- Born: 18 March 1867
- Died: 5 January 1932 (aged 64)
- Occupation: Writer
- Writing career
- Genre: Gothic novels

= Mildred Darby =

Anglo-Irish novelist

Mildred Darby (née Dill; 18 March 1867 – 5 January 1932) was an Anglo-Irish novelist in the Gothic genre and owner of Leap Castle, considered the most haunted castle in Ireland partly due to her input.

==Biography==
Mildred Henrietta Gordon Dill was the daughter of Richard Dill and Augusta Caroline Wale. She married Jonathan Charles Darby, son of Jonathan Darby and Caroline Graham. Jonathan Charles Darby was the heir to the Darby family and the last Darby to own Leap Castle. Together he and Mildred had five children.

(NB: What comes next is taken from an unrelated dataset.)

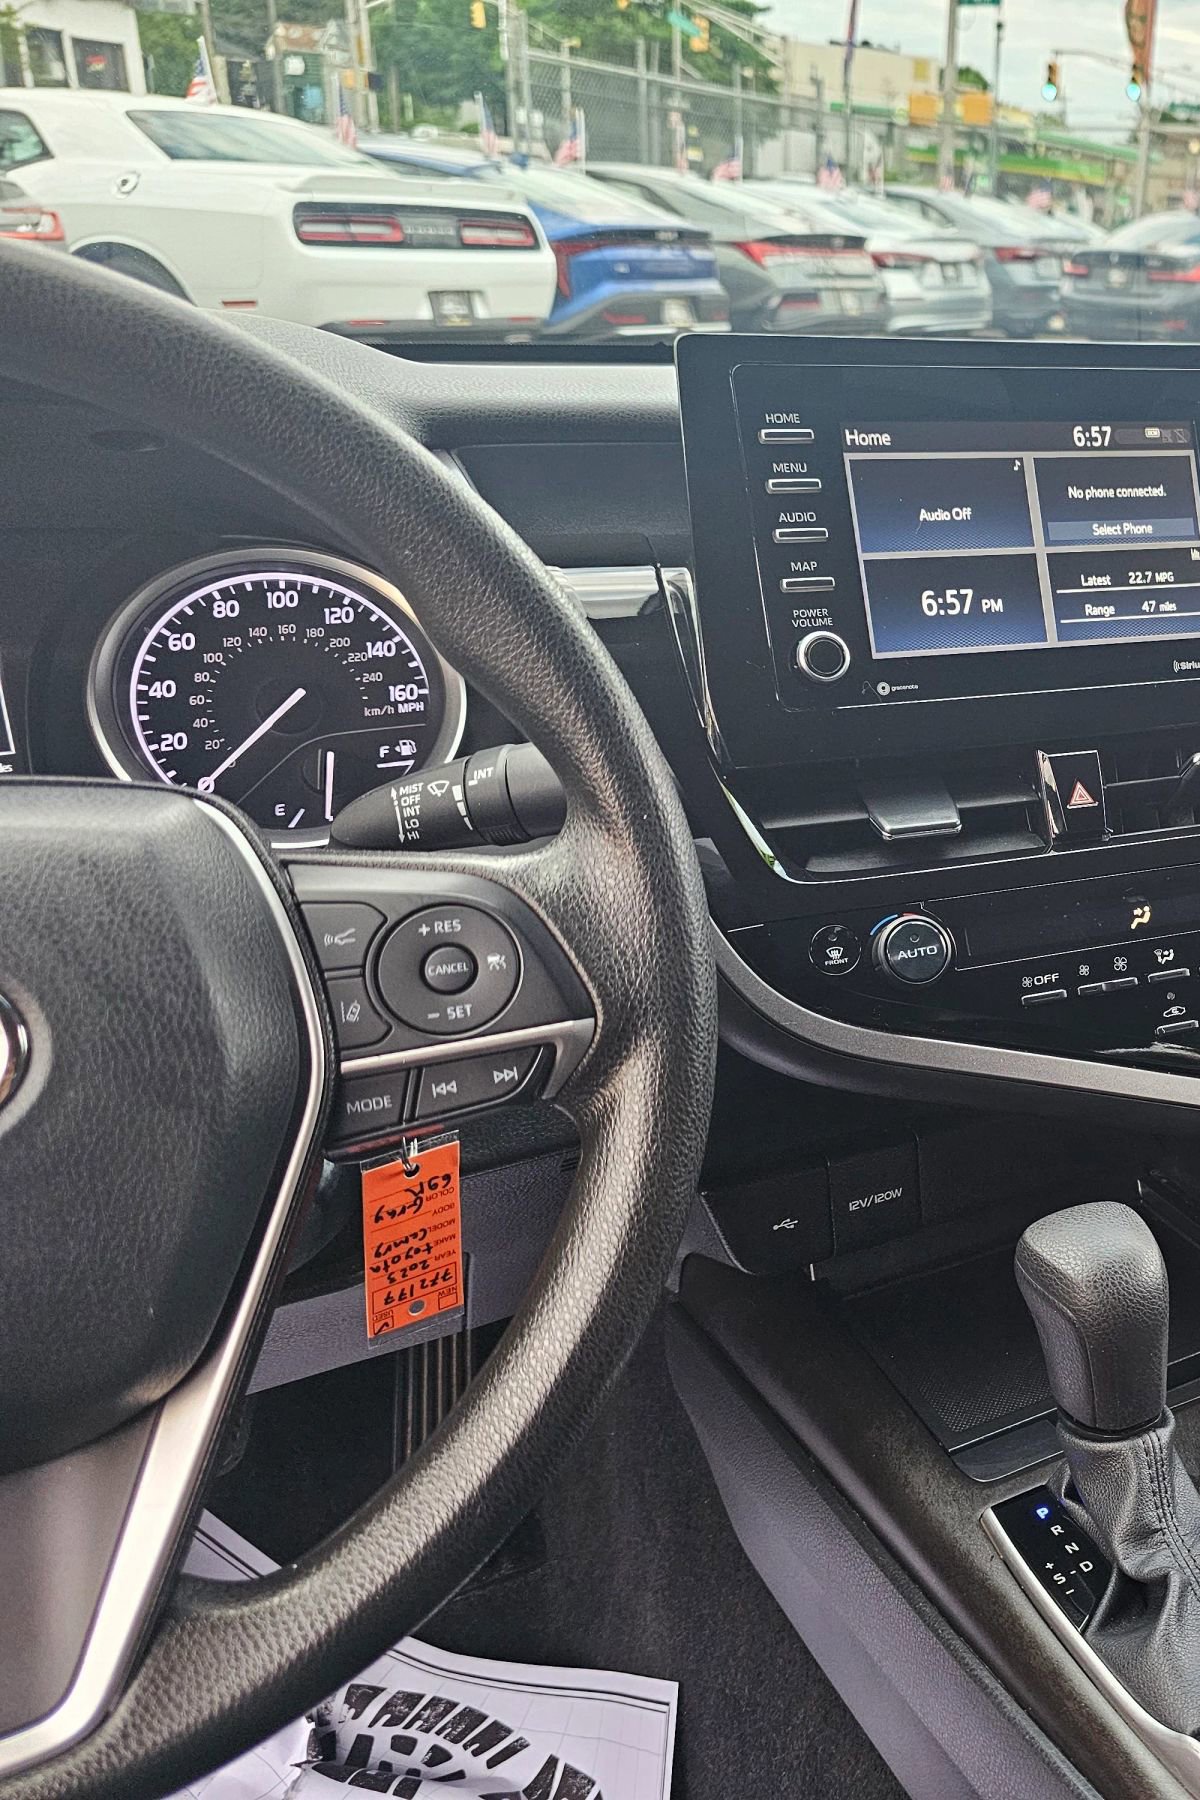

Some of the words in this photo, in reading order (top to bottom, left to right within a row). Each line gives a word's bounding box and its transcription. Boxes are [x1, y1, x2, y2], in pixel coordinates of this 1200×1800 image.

Mildred Darby was interested in the supernatural and was a regular writer of Gothic novels. Her novel Paddy-risky was published in 1903. Since women writers of Gothic novels often published under alternative names, or anonymously, this book was published under her pen name of Andrew Merry. Her work was reviewed by the Spectator: "Paddy Risky" is a capital farce not unworthy of comparison with the best descriptions of country race-meetings in the "Recollections of an Irish R.M."

In 1910 she published her Gothic novel The Hunger. Her interest in the supernatural was quite common for people of the time and she regularly held séances in the castle. She described the atmosphere and things she claimed to see to the journal Occult Review in December 1908:
Suddenly, two hands were laid on my shoulders. I turned round sharply and saw, as clearly as I see you now-a grey ‘Thing’, standing a couple of feet from me, with its bent arms raised as if it were cursing me. I cannot describe in words how utterly awful the ‘Thing’ was, its very undefinableness rendering the horrible shadow more gruesome. Human in shape, a little shorter than I am, I could just make out the shape of big black holes like great eyes and sharp features, but the whole figure-head, face, hands and all-was grey-unclean, blueish grey, something of the colour and appearance of common cotton wool. But, oh! so sinister, repulsive and devilish. My friends who are clever about occult things say it is what they call an 'Elemental'.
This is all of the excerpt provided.